**ACTIVITY:** A faithful transcription of all the data, images excluded, is the required answer.

**ENTRIES SUPPLIED:**
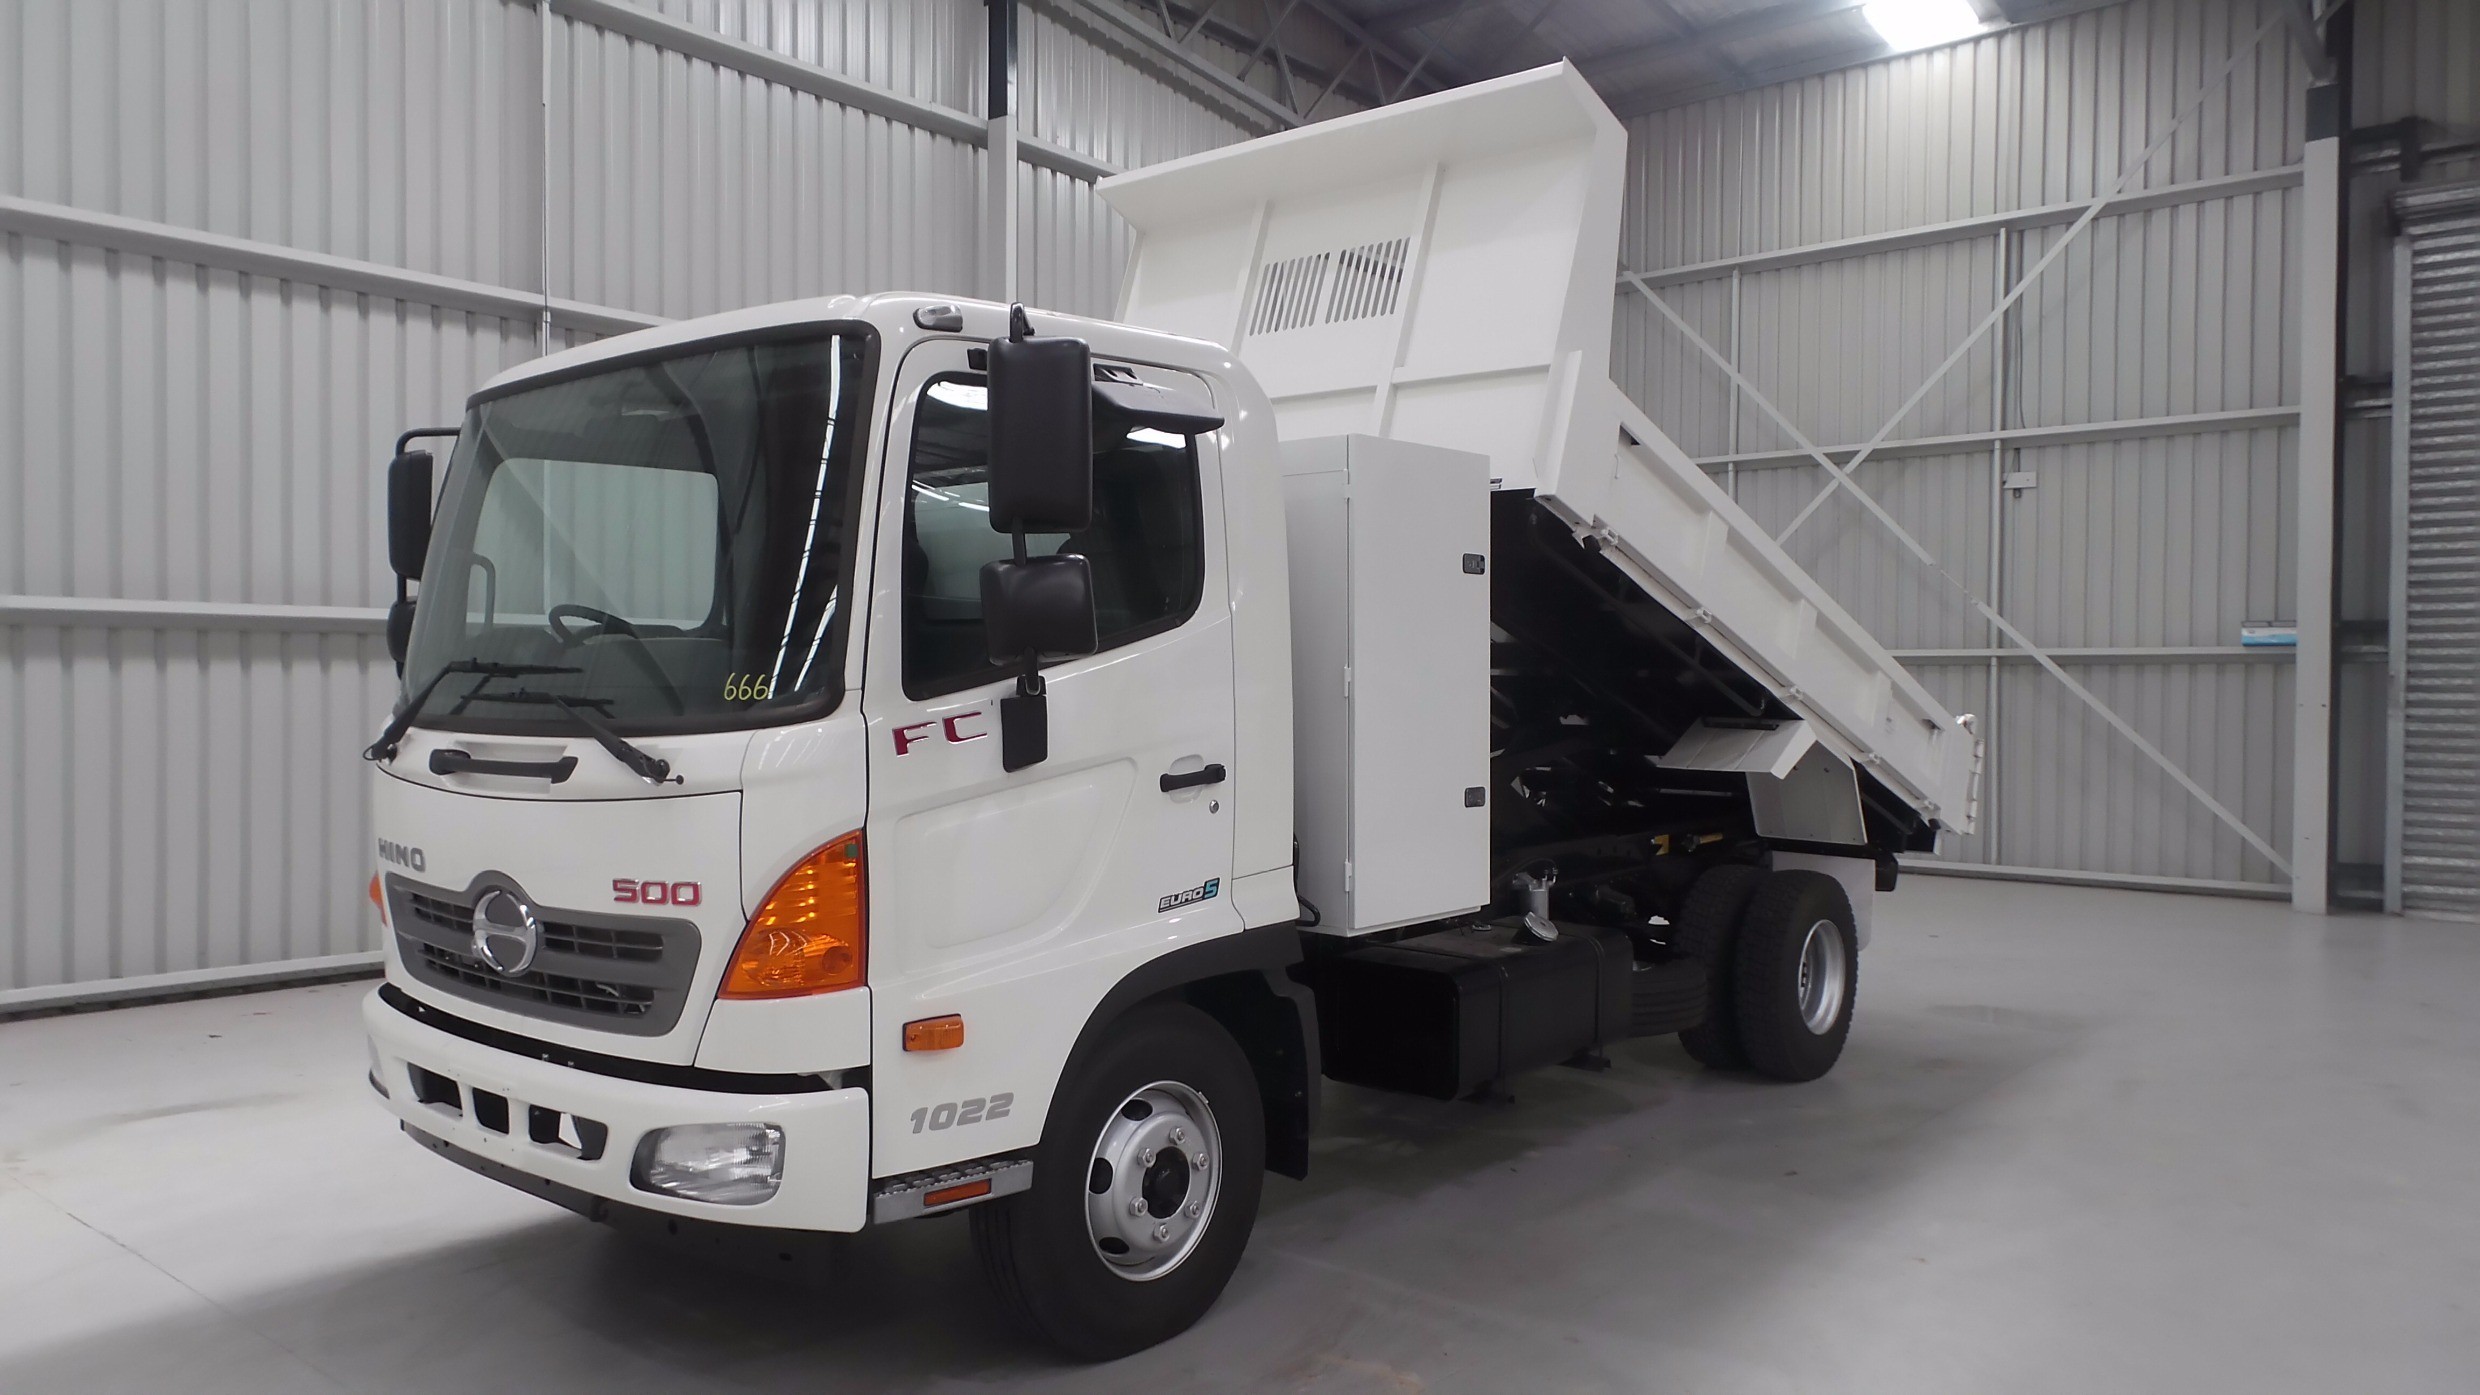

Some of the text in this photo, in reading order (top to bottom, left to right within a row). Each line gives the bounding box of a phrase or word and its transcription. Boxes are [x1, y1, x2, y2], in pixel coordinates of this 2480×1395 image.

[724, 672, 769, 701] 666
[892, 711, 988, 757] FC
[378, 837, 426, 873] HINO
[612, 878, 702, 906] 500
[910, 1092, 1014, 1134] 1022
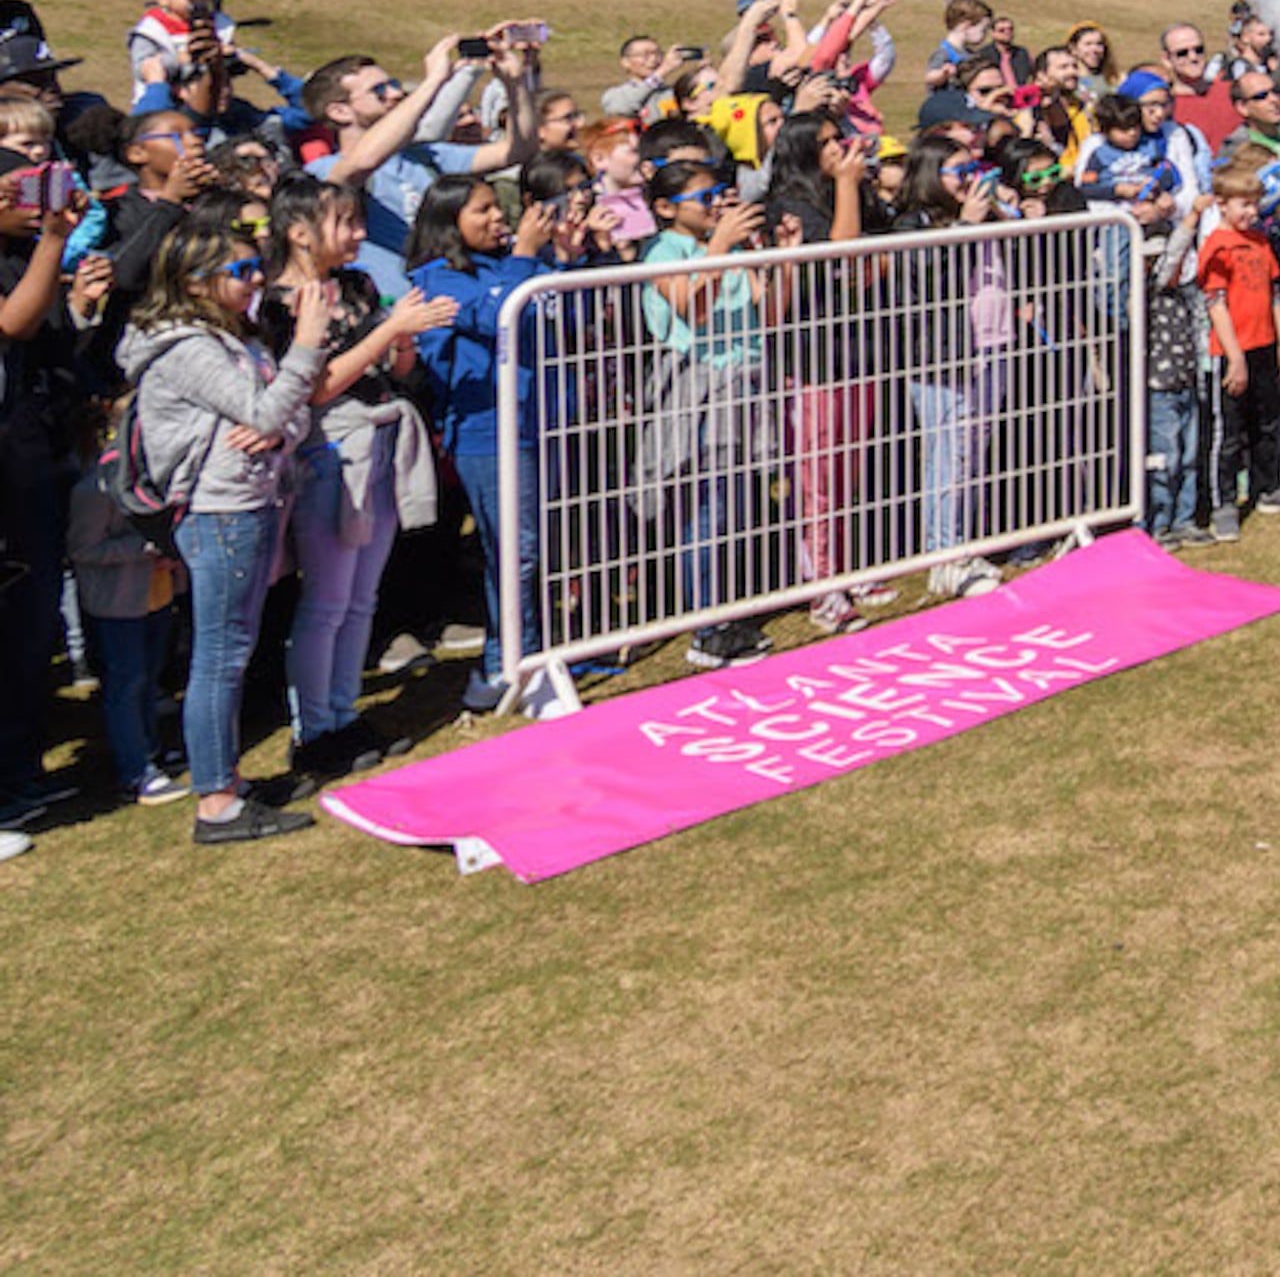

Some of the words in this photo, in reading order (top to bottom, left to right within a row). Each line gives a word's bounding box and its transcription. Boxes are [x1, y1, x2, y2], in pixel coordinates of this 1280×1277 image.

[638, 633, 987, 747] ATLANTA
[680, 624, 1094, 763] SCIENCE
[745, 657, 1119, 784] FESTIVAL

**SOLUTION FOR THIS TASK:**
Some of the text in this photo, in reading order (top to bottom, left to right within a row). Each line gives the bounding box of a phrase or word and its transcription. Boxes are [x1, y1, x2, y2], in pixel coordinates of this 2480×1395 image.

[724, 672, 769, 701] 666
[892, 711, 988, 757] FC
[378, 837, 426, 873] HINO
[612, 878, 702, 906] 500
[910, 1092, 1014, 1134] 1022

Some of the words in this photo, in reading order (top to bottom, left to right within a row). Each line gives a word's bounding box and its transcription. Boxes are [x1, y1, x2, y2], in pixel coordinates of this 1280×1277 image.

[638, 633, 987, 747] ATLANTA
[680, 624, 1094, 763] SCIENCE
[745, 657, 1119, 784] FESTIVAL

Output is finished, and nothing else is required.